Curb appeal and promotions
Curb Appeal for The majority of fuel sold in North America is sold at convenience stores. However, Gas Buddy noted that, getting motorists to come inside the store. After filling up has been an ongoing challenge for the convenience channel.
Citing State of the Industry data from NACS. It is the US-based association for convenience and fuel retailing. Hence, Gas Buddy noted that a convenience store’s inside sales generated almost three-quarters of all gross profit dollars. However, still, some estimates that a similar number of consumers fill up and drive away. These are consumers who are never coming inside to make additional purchases.

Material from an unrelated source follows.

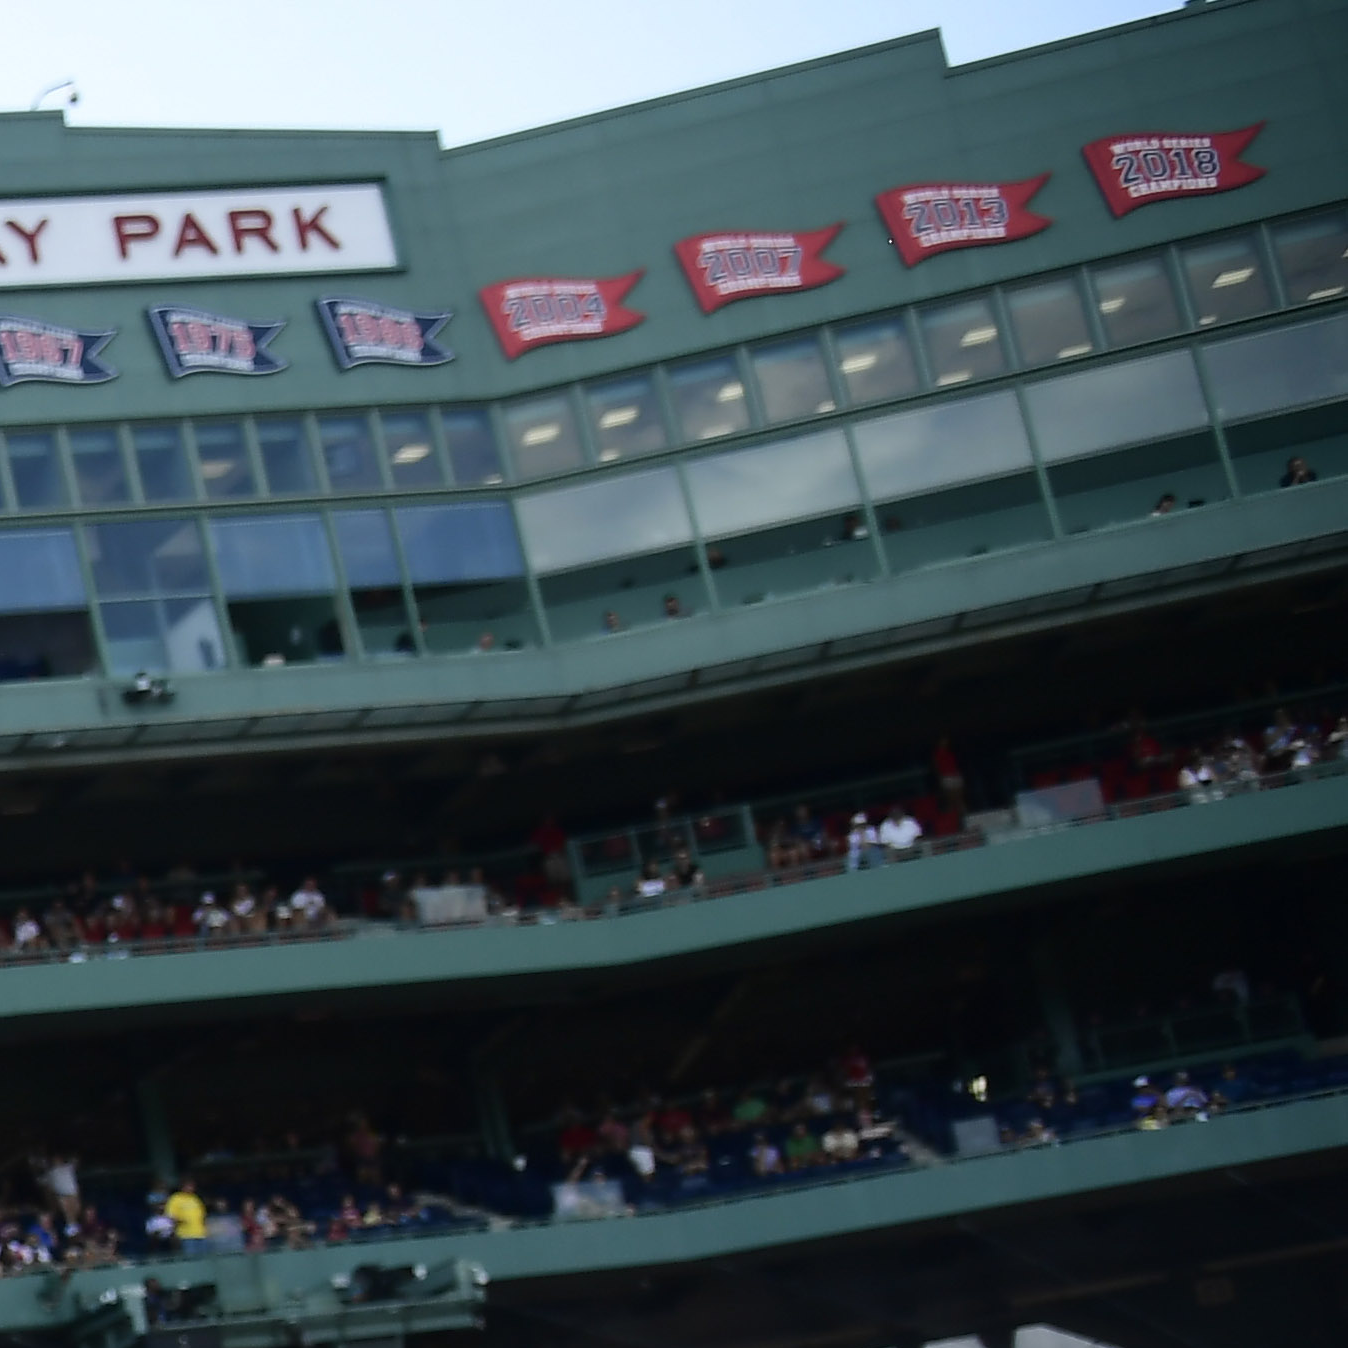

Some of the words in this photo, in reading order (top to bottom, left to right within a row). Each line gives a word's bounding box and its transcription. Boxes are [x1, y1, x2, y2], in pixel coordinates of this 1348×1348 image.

Converting those forecourt customers to inside customers is not impossible. In a new study, Canopy to the Store. The Gas Buddy found that conversion depends on a C-store operator’s ability to meet consumer needs of safety. In addition to safety are cleanliness and hospitality. Additionally, consumers show a “strong interest” in specific strategies and promotions. These are strategies that can move them from the pumps to the store.

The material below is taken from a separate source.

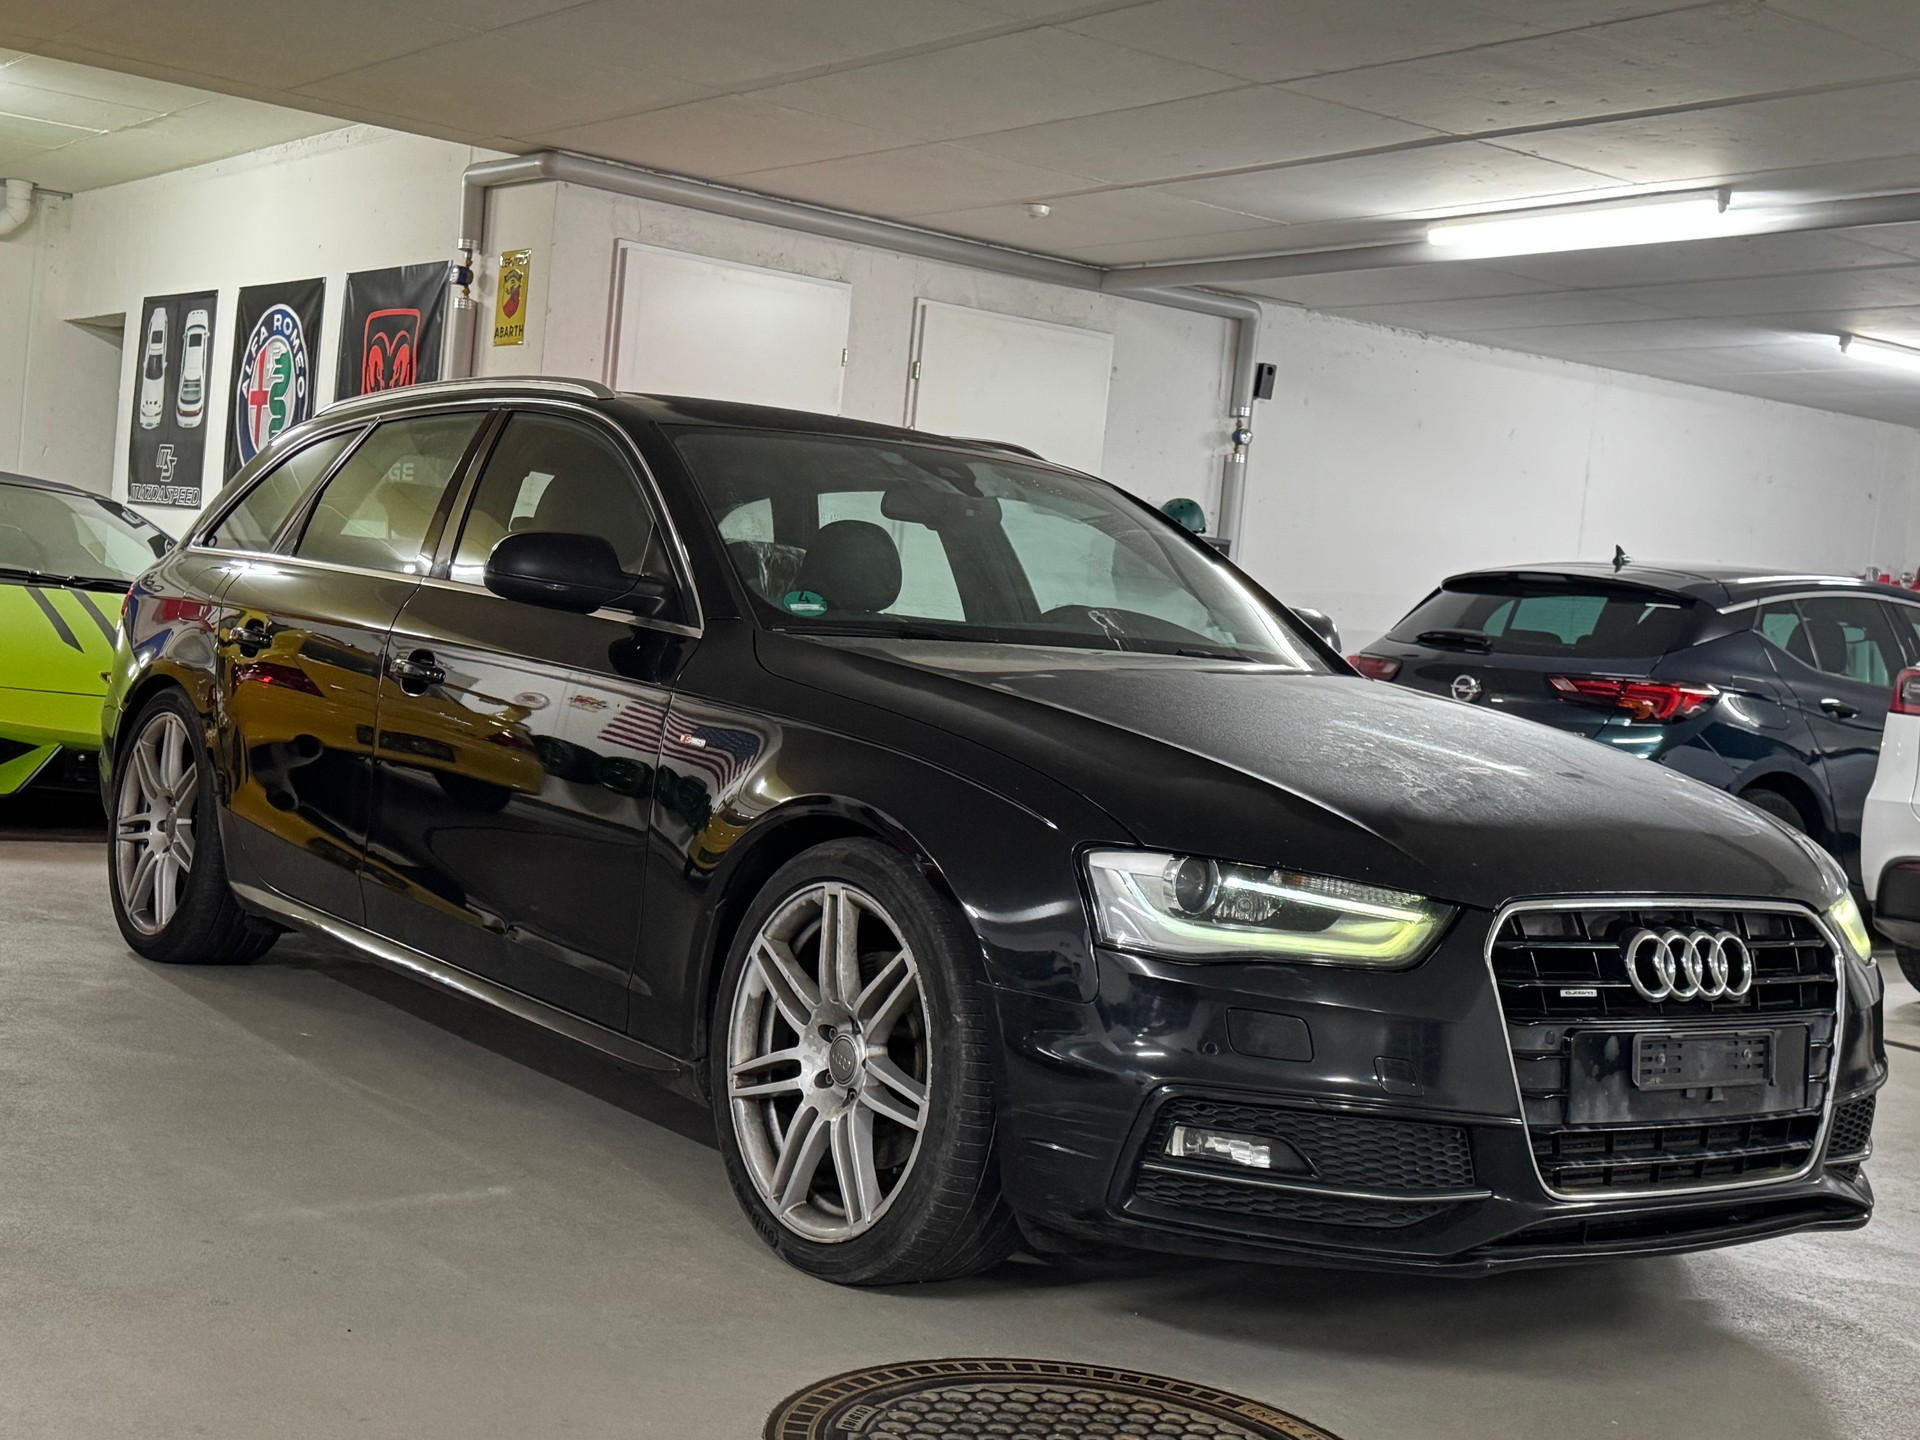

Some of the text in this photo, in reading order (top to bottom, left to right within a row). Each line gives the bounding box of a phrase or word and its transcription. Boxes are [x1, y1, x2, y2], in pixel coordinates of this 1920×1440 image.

[494, 325, 524, 338] ABARTH
[242, 314, 305, 399] ALFA ROMEO
[130, 483, 201, 506] MAZDASPEED
[798, 591, 810, 603] 4

First impressions count: Think curb appeal
Gas Buddy released a report summarizing the findings from its surveys conducted in July 2018 and December 2018. Chief among its findings: Curb appeal matters.
Calling the forecourt “the first handshake that welcomes customers to the store”. The consumers are unlikely to go inside a store according to the Gas buddy. This will only happen if they perceive it as dirty boring or unexceptional. Reputation matters as well.

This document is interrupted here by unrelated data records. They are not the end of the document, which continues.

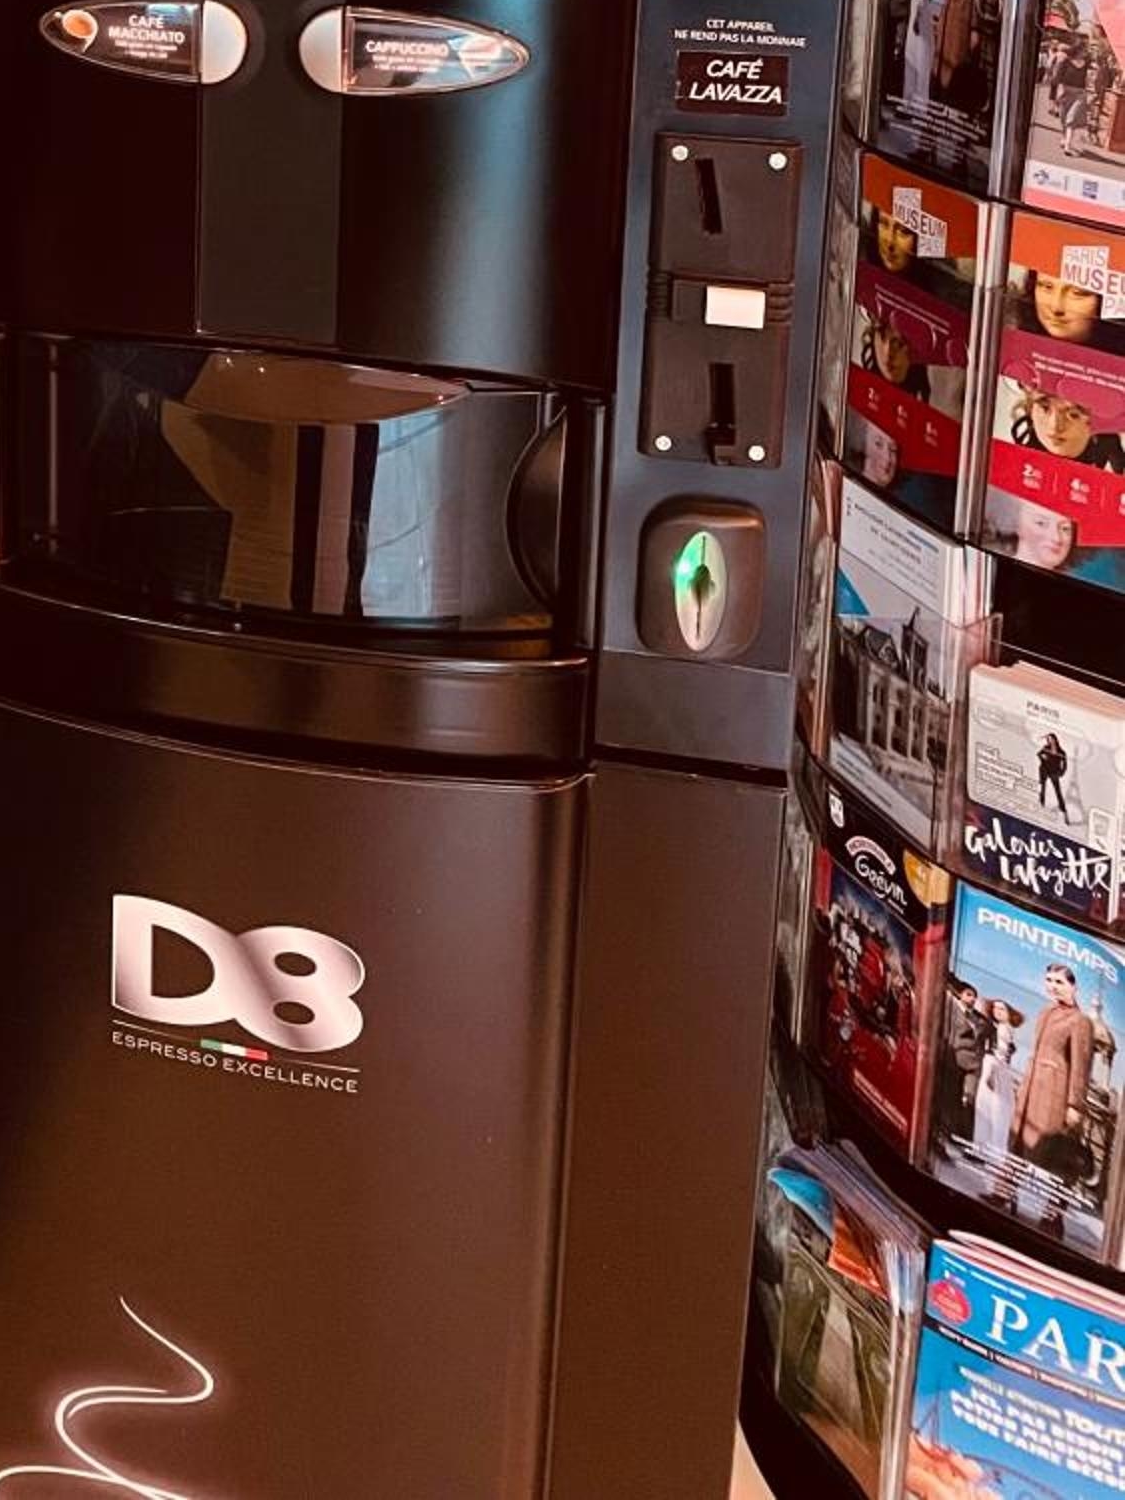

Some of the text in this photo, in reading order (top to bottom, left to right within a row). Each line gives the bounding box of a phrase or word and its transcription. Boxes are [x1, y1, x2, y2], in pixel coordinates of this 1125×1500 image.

[108, 25, 185, 45] MACCHIATO
[706, 19, 775, 32] CET APPAREIL
[675, 29, 807, 47] NE REND PAS LA MONNAIE
[366, 40, 449, 58] CAPPUCCINO
[706, 58, 764, 79] CAFÉ
[689, 81, 782, 104] LAVAZZA
[977, 907, 1119, 984] PRINTEMPS
[112, 894, 366, 1053] D8
[112, 1030, 358, 1094] ESPRESSO EXCELLENCE

Frequent customers cite the following factors. These are factors as having a strong or moderate influence in their opinion of a store before stepping inside:
- Store design and upkeep (82.54 percent)
- Cleanliness of the fuel area (79.7 percent)
- Quality of lighting (79.6 percent)
- Brand reputation (58.6 percent)
- Opinions of friends and family (55.12 percent)
Moving inside, Gas Buddy found that restrooms matter. According to the survey results. A huge 22.6 percent of consumers said they frequently make a purchase. This purchase is after using the restrooms at a c-store. Another 56 percent said they occasionally make a purchase.
However, the restrooms must be clean. Nearly two-thirds of consumers said they have visited a gas station’s c-store. Hence, with the intention of using the restroom, but decided to leave and go elsewhere.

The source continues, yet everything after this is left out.